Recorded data
● ● ● ●

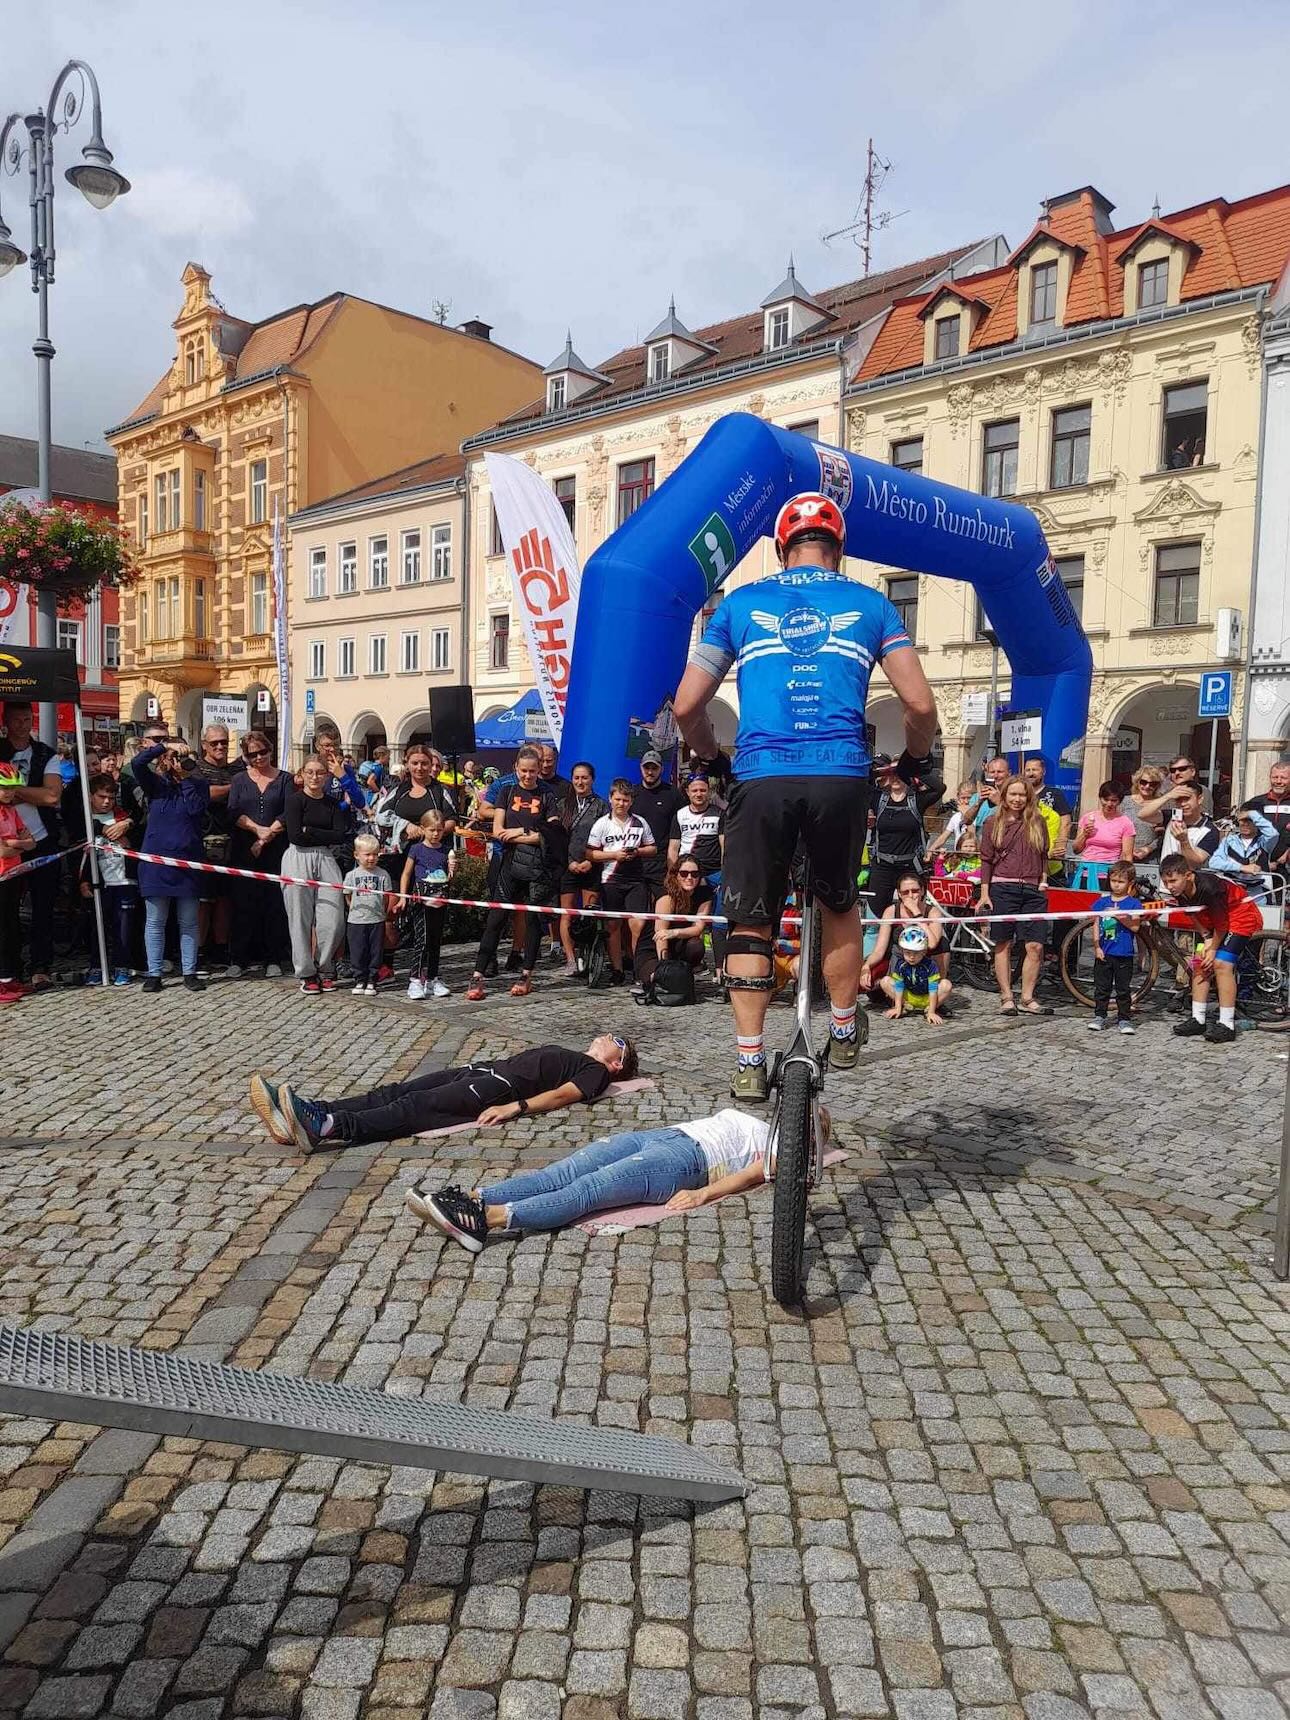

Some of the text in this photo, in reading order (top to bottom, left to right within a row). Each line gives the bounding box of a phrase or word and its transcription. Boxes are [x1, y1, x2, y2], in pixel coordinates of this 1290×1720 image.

[723, 472, 757, 514] Městské
[737, 478, 776, 534] informační
[865, 474, 1016, 549] Město Rumburk
[1206, 676, 1226, 703] P
[227, 716, 238, 724] km
[1020, 737, 1031, 746] km
[770, 750, 805, 763] SLEEP
[816, 749, 836, 763] EAT
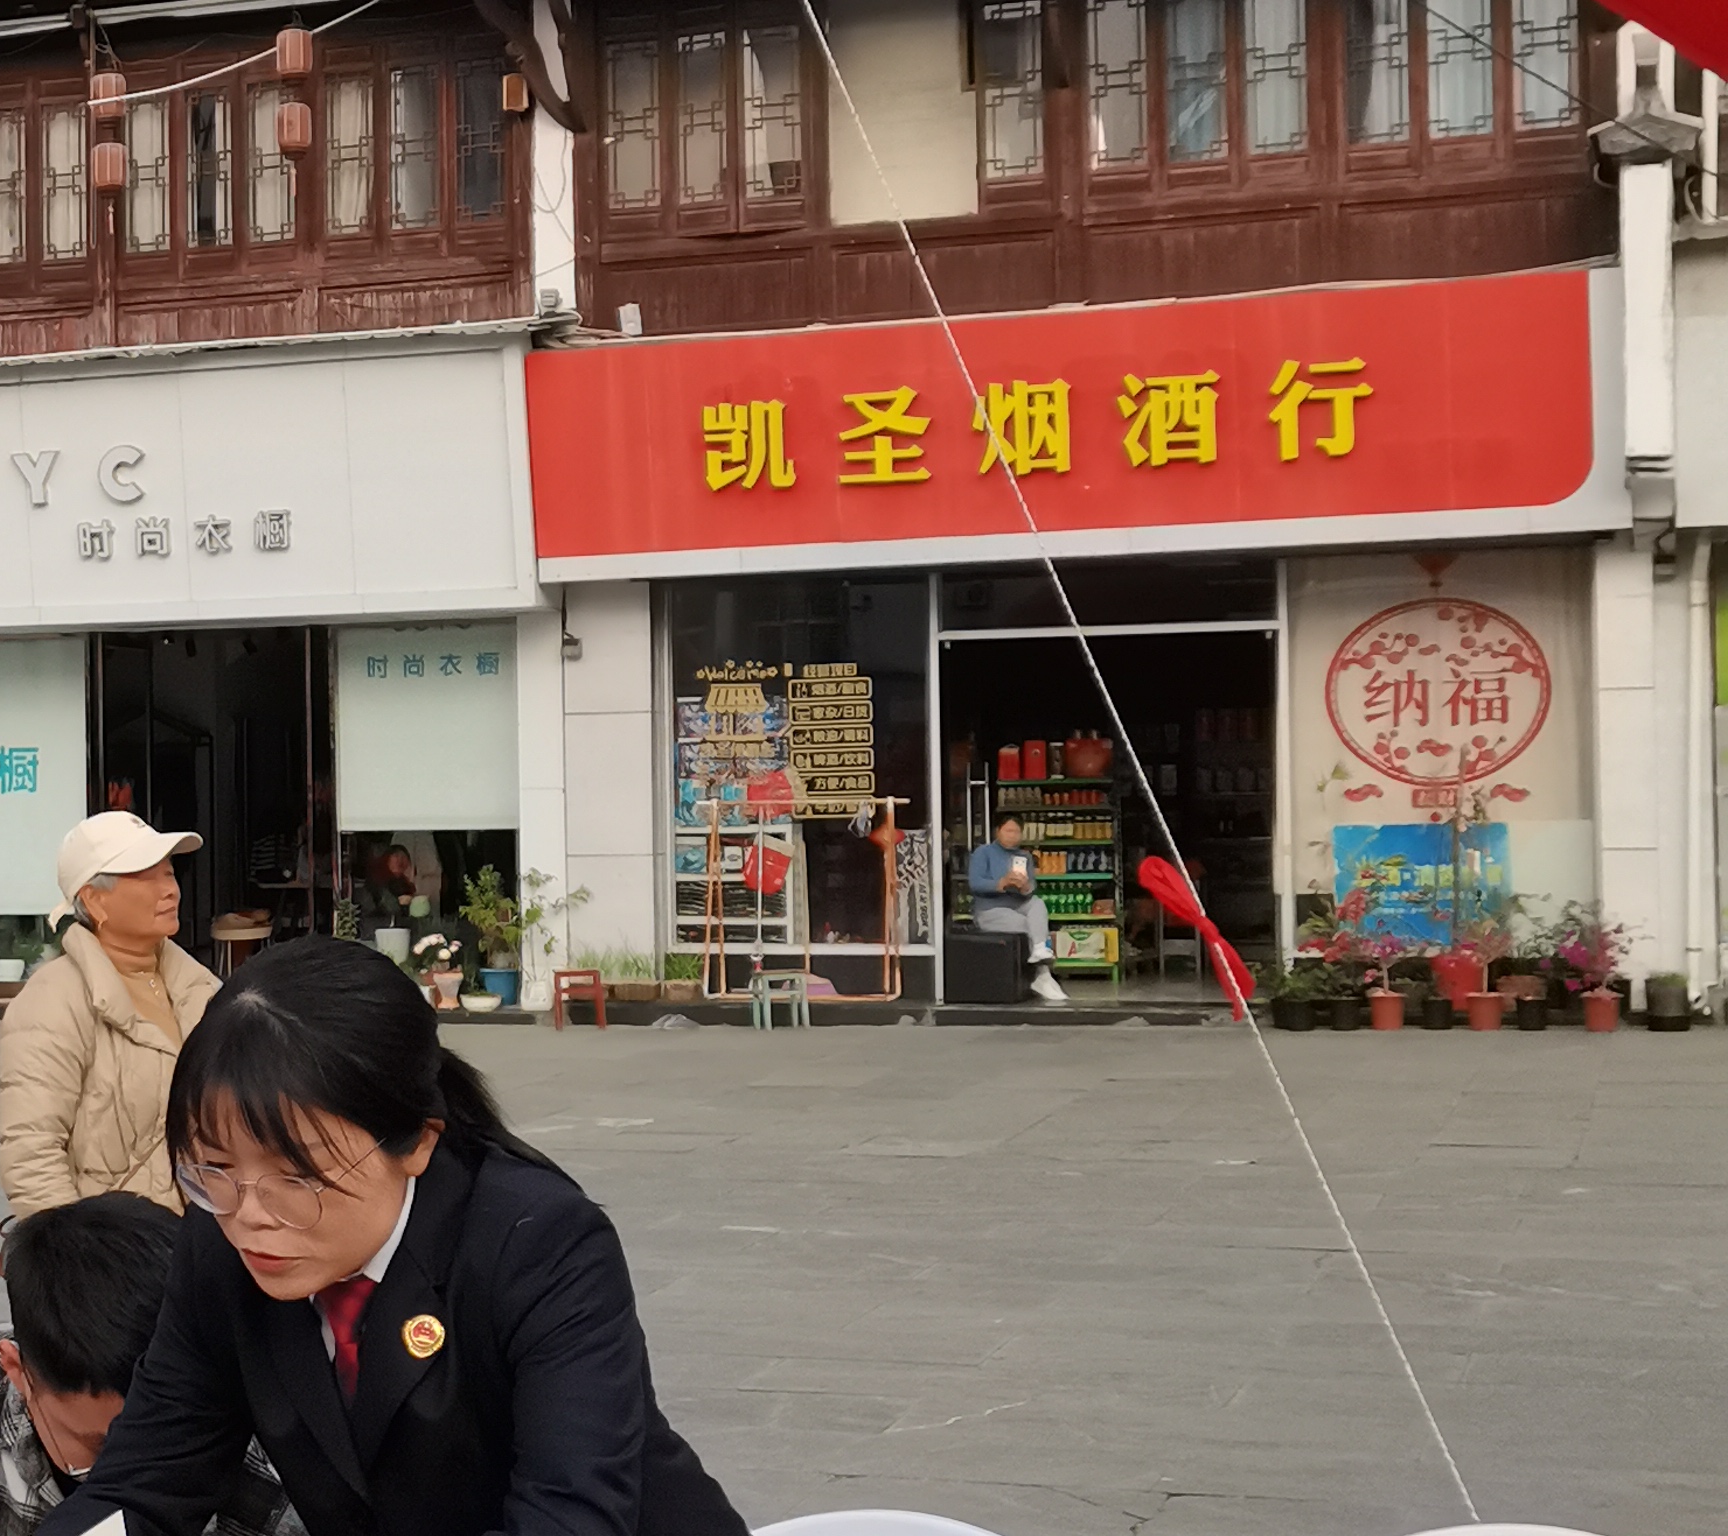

● ● ● ●

=== Work request ===
Please set down the data above exactly as given, leaving every picture out.

=== Task output ===
Some of the text in this photo, in reading order (top to bottom, left to right within a row). Each line gives the bounding box of a phrase or word and its transcription. Boxes are [x1, y1, x2, y2], in pixel coordinates of this 1290×1720 image.

[723, 472, 757, 514] Městské
[737, 478, 776, 534] informační
[865, 474, 1016, 549] Město Rumburk
[1206, 676, 1226, 703] P
[227, 716, 238, 724] km
[1020, 737, 1031, 746] km
[770, 750, 805, 763] SLEEP
[816, 749, 836, 763] EAT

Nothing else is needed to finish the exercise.